Rio Tinto has apologized for the destruction of the Juukan Gorge Indigenous heritage site. Courtesy of Rio Tinto.

On Aug. 4, Rio Tinto published its submission to the Australian Parliamentary Inquiry into the company’s destruction of two 46,000 year-old Indigenous caves at a mine in western Australia’s Pilbara region in May. 

In the submission, Rio Tinto apologized for the destruction of the caves at Juukan Gorge, rock shelters which are heritage sites for the Puutu Kunti Kurrama and Pinikura people (PKKP), and admitted that it should not have happened. Though the company had obtained legal approval to disturb the site, their destruction sparked public outcry and calls for reforming heritage protection laws.

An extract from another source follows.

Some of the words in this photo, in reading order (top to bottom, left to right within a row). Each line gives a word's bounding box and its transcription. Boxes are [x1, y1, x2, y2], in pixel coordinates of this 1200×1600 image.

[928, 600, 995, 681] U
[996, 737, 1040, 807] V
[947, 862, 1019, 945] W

“The inquiry presents an opportunity to examine in detail the events leading up to the destruction of the rock shelters and to identify areas where Rio Tinto believes changes in the way we operate will be required,” said Rio Tinto CEO Jean-Sebastien Jacques. “We are determined to learn the lessons from what happened at Juukan Gorge, to restore a relationship of trust with the PKKP people and to rebuild Rio Tinto’s reputation for cultural heritage management.”

In the submission, Rio Tinto stated that it believed it had received “free prior and informed consent” of the PKKP to conduct operations on the land as a result of negotiations and terms from the regional framework deed and participation agreement the two parties signed in 2011.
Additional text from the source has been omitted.